MP instaura inquérito para apurar possíveis irregularidades na construção de escola em Ribeirão Bonito

Obra se arrasta por quase cinco anos e recebeu investimento estimado em R$ 6,5 milhões; Câmara investigou o caso em duas comissões 

Marcel Rofeal, de Ribeirão Bonito 

Fotos: Arquivo/BMR
O Ministério Público do Estado de São Paulo, por meio de sua representação na Comarca de Ribeirão Bonito, decidiu instaurar um novo inquérito, desta vez para apurar possíveis irregularidades no processo de construção da Escola Municipal “Prefeito Rubens Gayoso Júnior” no Jardim Centenário, em Ribeirão Bonito. De acordo com o MP, a investigação foi aberta com base nos relatórios de duas comissões que apuraram o caso no Legislativo nos anos de 2014 e 2015.

Segundo o MP, a qualidade dos serviços executados na obra, o material usado em conflito com o que havia sido contratado e a existência de notas fiscais atestando a instalação de sistemas inexistentes no local justificariam a necessidade de uma nova coleta de informações sobre o caso. No Legislativo, em relatório apresentado em junho de 2015, a Comissão Especial de Inquérito (CEI) que apurou o caso decidiu, por dois votos a um, arquivar o processo por falta de provas.

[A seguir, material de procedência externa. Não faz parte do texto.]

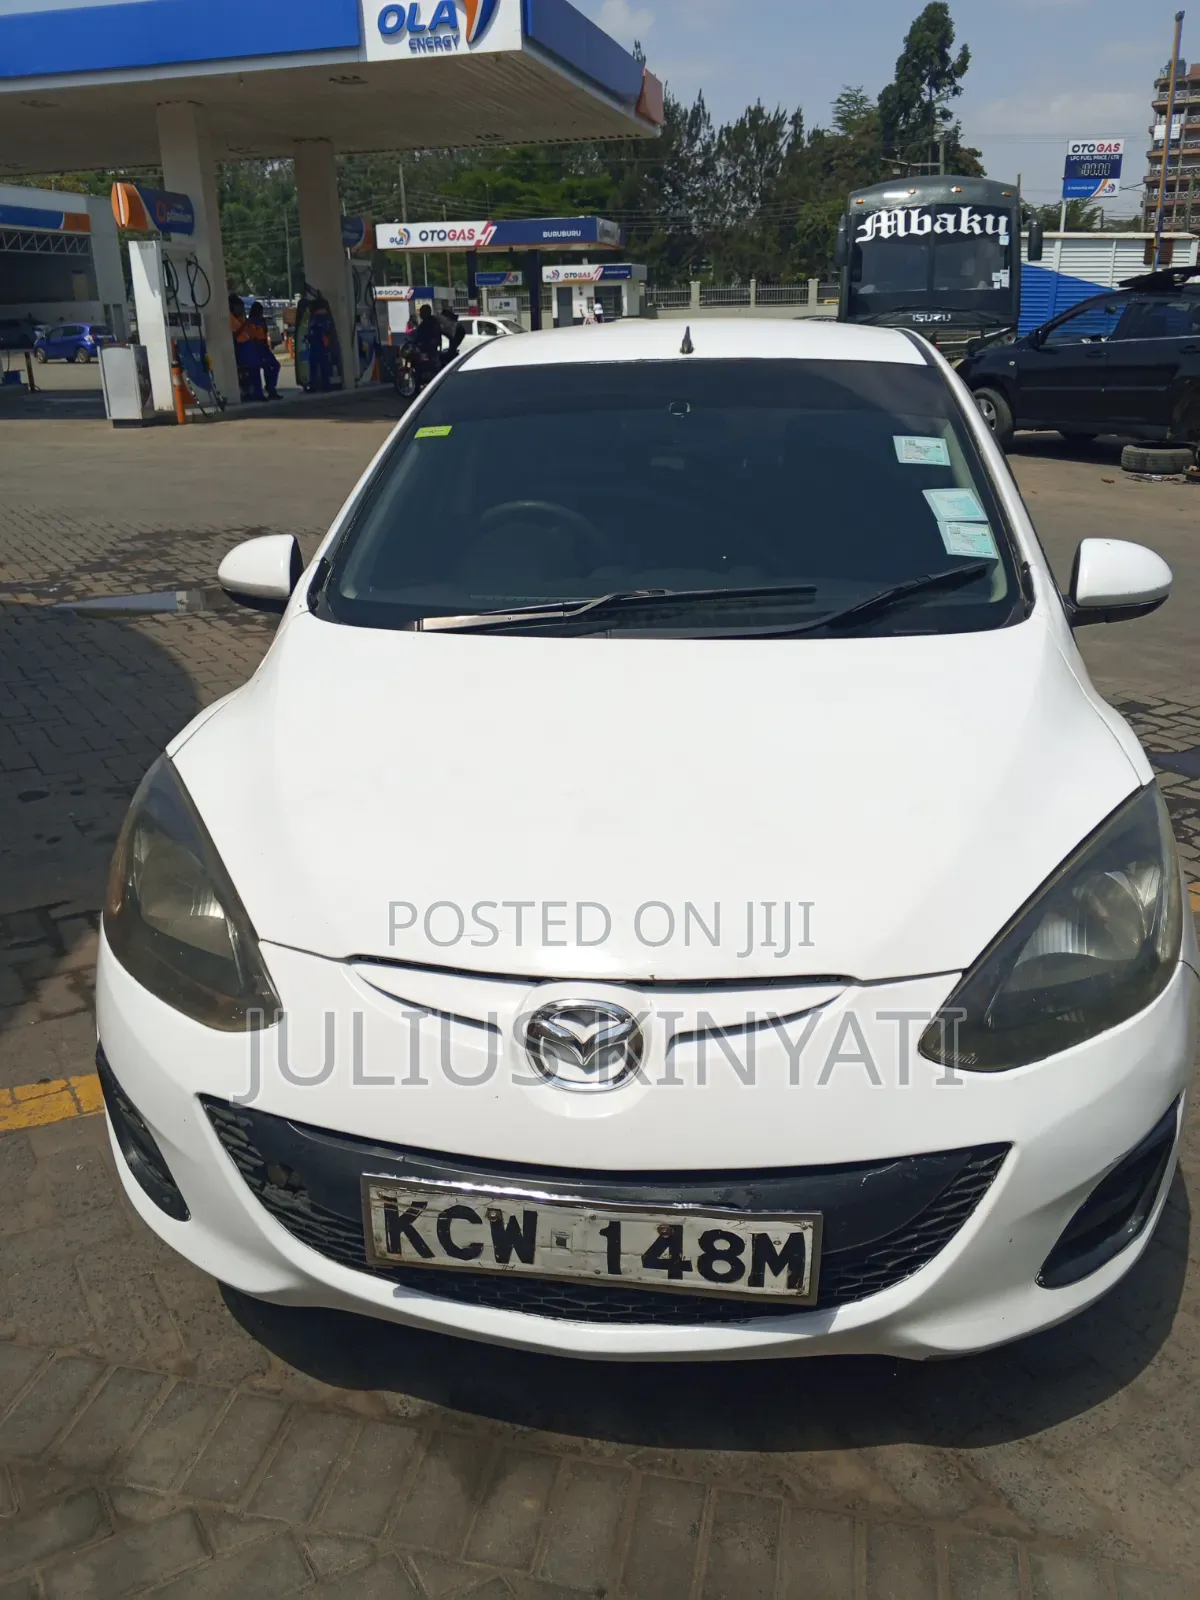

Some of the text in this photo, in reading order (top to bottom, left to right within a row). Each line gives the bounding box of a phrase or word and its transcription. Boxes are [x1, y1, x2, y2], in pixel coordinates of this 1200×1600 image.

[377, 0, 459, 35] OLA
[408, 34, 460, 53] ENERGY
[1071, 143, 1121, 153] OTOGAS
[855, 206, 1009, 243] Mbaku
[418, 229, 476, 242] OTOGAS
[542, 229, 582, 238] BURUBURU
[564, 271, 591, 279] OTOGAS
[911, 313, 952, 323] ISUZU
[382, 1195, 807, 1290] KCW 148M

Na época, o relatório que motivou a abertura da CEI, ainda em outubro de 2014, apontou negligência da administração pública e má gestão do contrato, entre a Prefeitura e a empresa vencedora do certame licitatório, conforme conclusão da Comissão de Assuntos Relevantes (CAR), e do dinheiro público. Em seu documento final, a CEI ressaltou a existência de indícios de irregularidades, mas afirmou que não havia provas de má-fé na gestão do projeto e de irregularidades no processo.

Para o Ministério Público, a Prefeitura deve encaminhar, em até 30 dias, cópia integral da licitação, as justificativas e explicações documentadas acerca das irregularidades apontadas pela Câmara e qual o prazo para conclusão da obra, bem como sua justificativa em caso de atraso. Também o Legislativo terá até 30 dias, a partir da notificação, para encaminhar cópia integral dos relatórios e documentos produzidos durante os trabalhos da Comissão Especial de Inquérito.

Caso – Denúncias anônimas de possíveis irregularidades na obra chegaram ao Conselho Comunitário de Segurança de Ribeirão Bonito em janeiro de 2014 e motivaram a abertura da primeira comissão na Câmara três meses depois. Após seis meses de investigação, o Legislativo decidiu instaurar um novo processo e chegou a ouvir depoimento do ex-prefeito Paulo Antonio Gobato Veiga (PTB), que iniciou a obra, e do então prefeito Wilson Forte Júnior (PMDB), que deu sequência. 

Orçada em aproximadamente R$ 6,5 milhões, a construção da nova escola teve início em maio de 2012, durante o mandato do ex-prefeito Paulo Veiga, e previa a construção de 23 salas de aula, setor administrativo, sanitários e biblioteca. Segundo o projeto original, a unidade teria capacidade para 1,5 mil alunos, que seriam transferidos de outras duas escolas da cidade, e também contaria com anfiteatro e complexo esportivo, com minicampo, quadra de esportes e até piscinas.